A corporation that is a shareholder may appoint a
representative to attend the Meeting on its behalf
in the same manner as that which it could appoint a
proxy. Corporate representatives should bring along
to the Meeting evidence of their authority to act for
the relevant corporation. Any person representing a
shareholder(s) by virtue of a power of attorney must
bring evidence of their authority to vote on behalf of
the shareholder(s) and power of attorney.
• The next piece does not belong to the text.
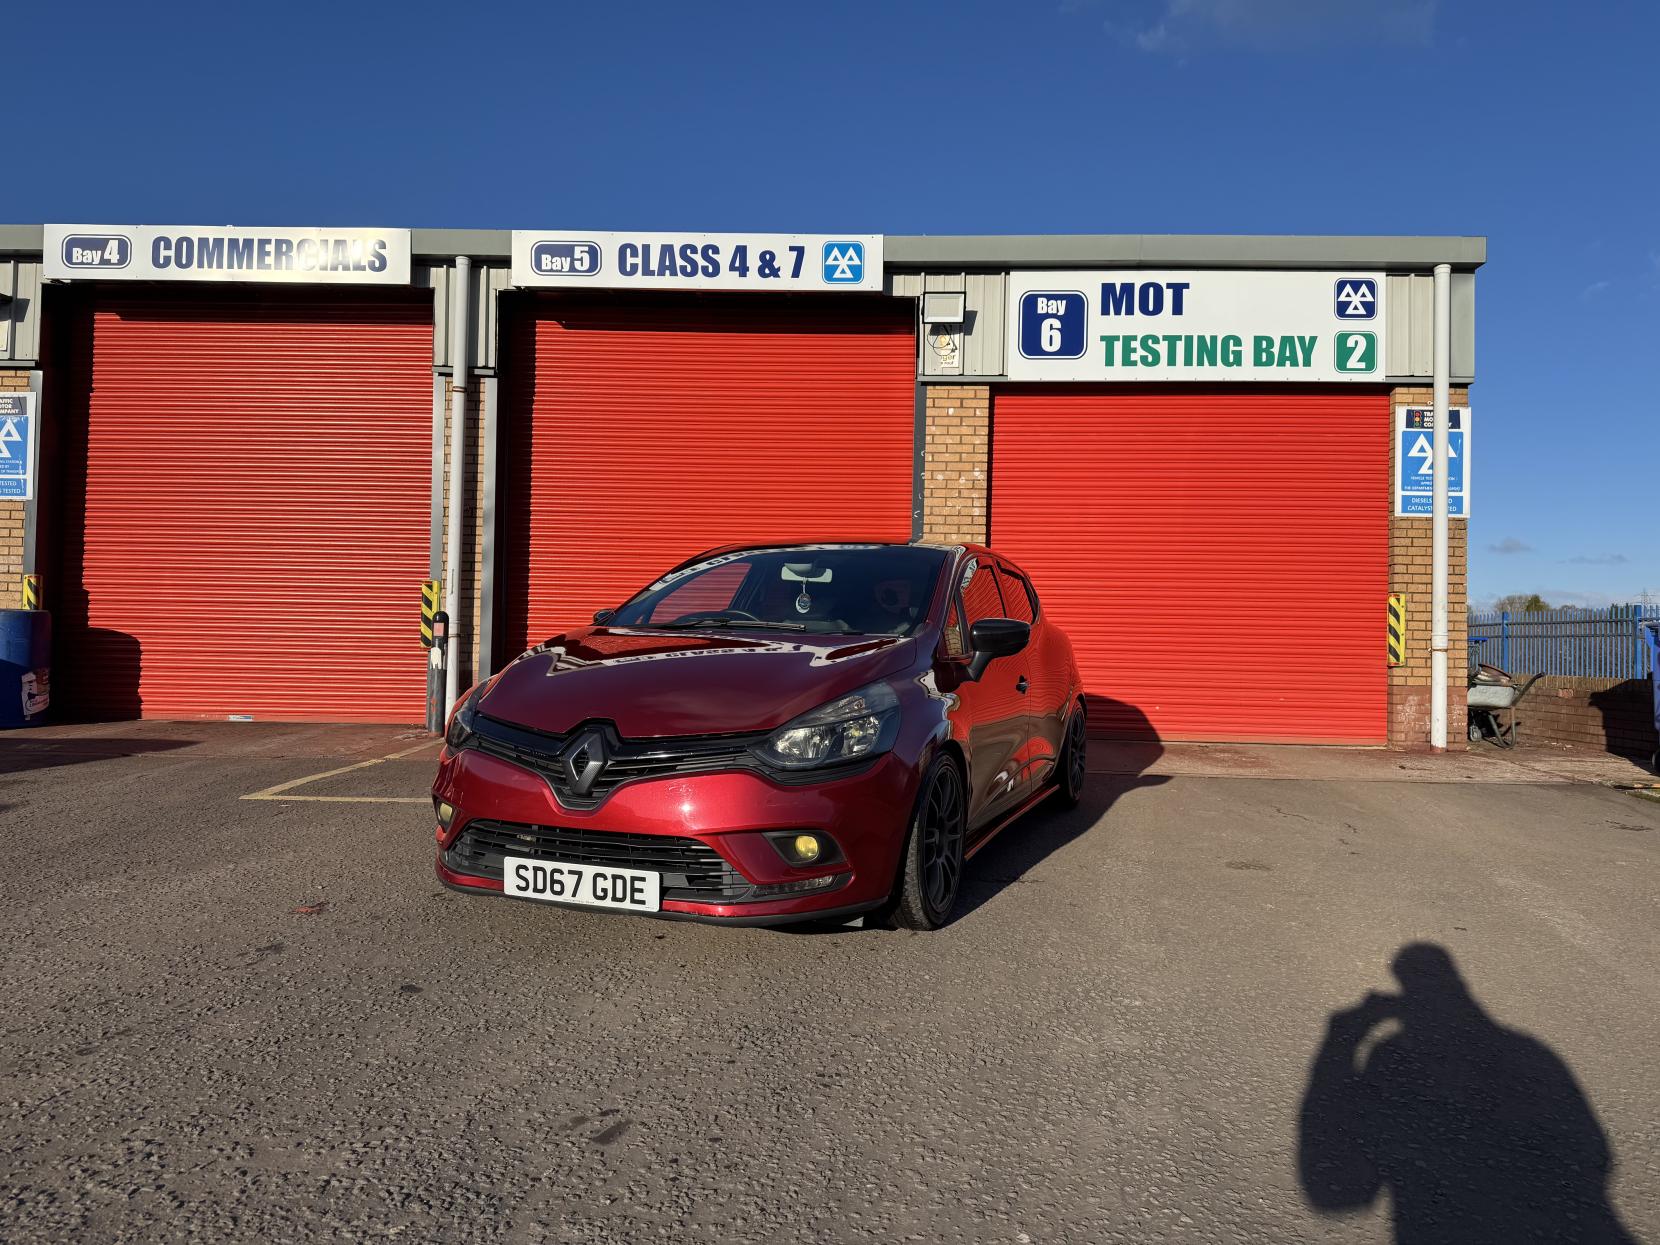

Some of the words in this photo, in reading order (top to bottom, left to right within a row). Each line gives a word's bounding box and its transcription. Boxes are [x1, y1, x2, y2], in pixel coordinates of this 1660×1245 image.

Proxy forms must be received by Link Market Services
no later 3.00pm on Monday 3 August 2020. Proxy
forms can be lodged by:
• Post to PO Box 91976, Auckland 1142
• Fax to +64 09 375 5990
• Email to meetings@linkmarketservices.com
• Lodged online
Postal Voting
A shareholder is entitled to exercise his/her right to
vote at the Meeting by casting a postal vote. A postal
voting form is incorporated in the proxy form attached.
The share registrar, Link Market Services, has been
authorised by the Board to receive and count postal
votes for the Meeting.
In order for a postal vote to be effective, the proxy/
postal voting form must be completed and returned
to the share registrar so that it is received no later
than 48 hours before the Meeting (that is by 3.00pm
on Monday 3 August 2020) in accordance with the
instructions set out on the proxy form.
Online proxy and postal voting
Shareholders may elect to lodge their proxy
appointment or postal vote online. You will need to
go to the website of our share registrar, Link Market
Services https://investorcentre.linkmarketservices.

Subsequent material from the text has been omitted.